# Online Data

Webscraping is the activity of downloading, manipulating, and using information obtained online. Webscraping can get very complicated, and we won't do much in this course. This set of lecture notes can help you get started on the basics. We'll look into this a bit more when we get to regular expressions in a few lectures. 

## Downloading Files

There are several modules for downloading files from the internet. We'll use `urllib`: 

In [1]:
import urllib

Conveniently, my one of my colleagues has a copy of the Palmer Penguins dataset on his website

In [2]:
url = "https://philchodrow.github.io/PIC16A/content/IO_and_modules/IO/palmer_penguins.csv"

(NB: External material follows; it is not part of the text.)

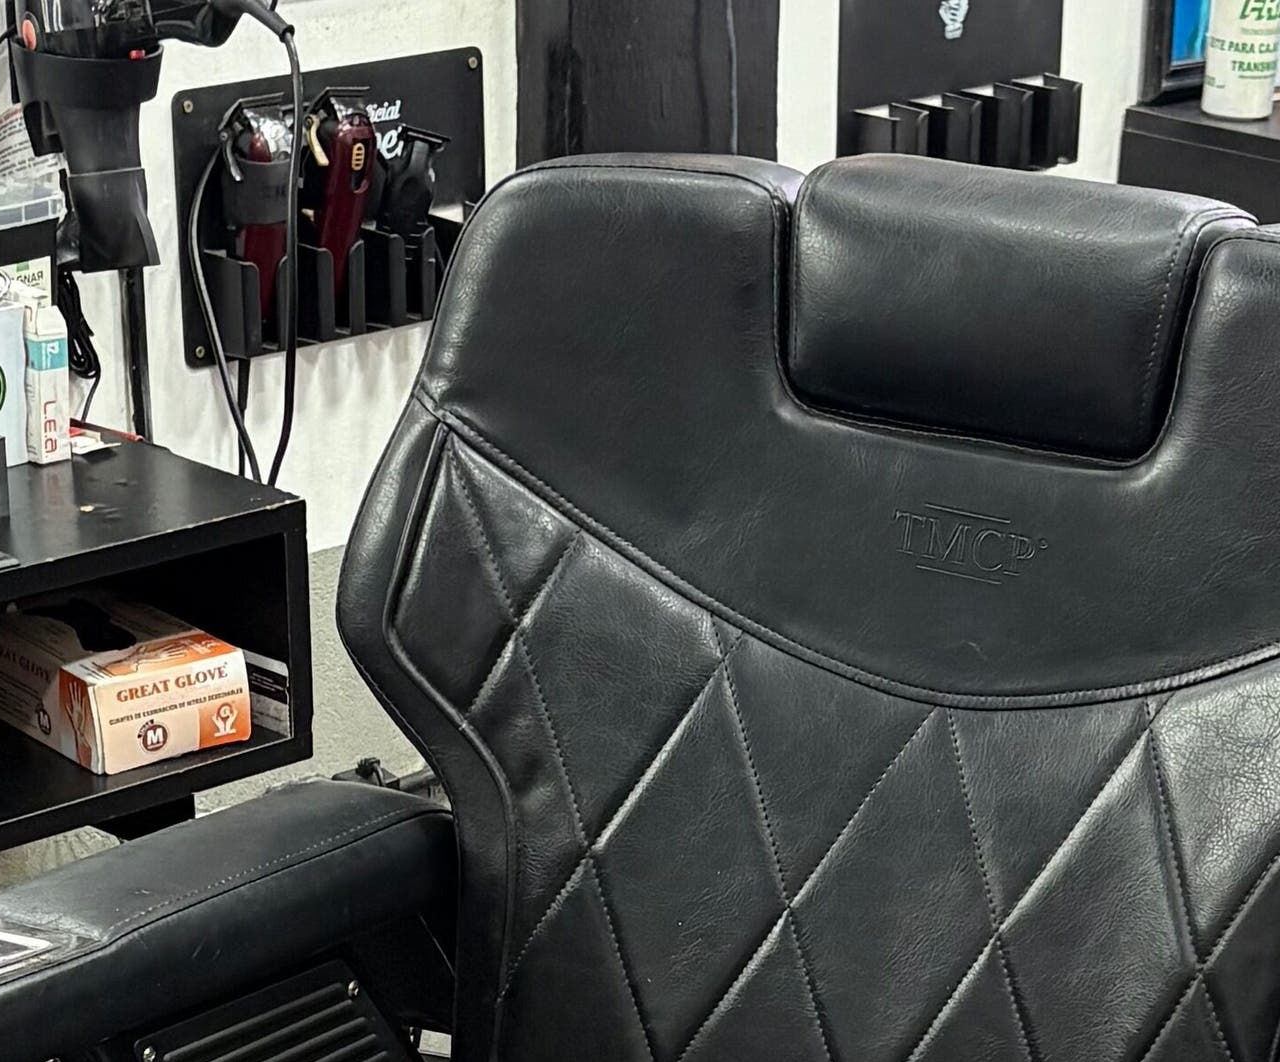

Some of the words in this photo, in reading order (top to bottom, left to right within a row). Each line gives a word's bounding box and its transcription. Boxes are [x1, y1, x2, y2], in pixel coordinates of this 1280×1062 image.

Now, let's read in the data

In [3]:
filedata= urllib.request.urlopen(url)
to_write=filedata.read()

#we need to use "wb" instead of "w" here
with open("interweb_penguins.csv","wb") as f:
    f.write(to_write)

Having run this code, you can check in your file explorer that a file called `interweb_penguins.csv` now lives in the same directory as this notebook. We used the somewhat unusual flag `"wb"` to `open()` in order to indicate that we need to write a *binary* file, rather than the usual text file. This is because `to_write, the return value of `filedata.read()`, is by default binary data. We might ask you in assignments to use this pattern, but you we won't evaluate you on it in any timed or closed-book contexts. 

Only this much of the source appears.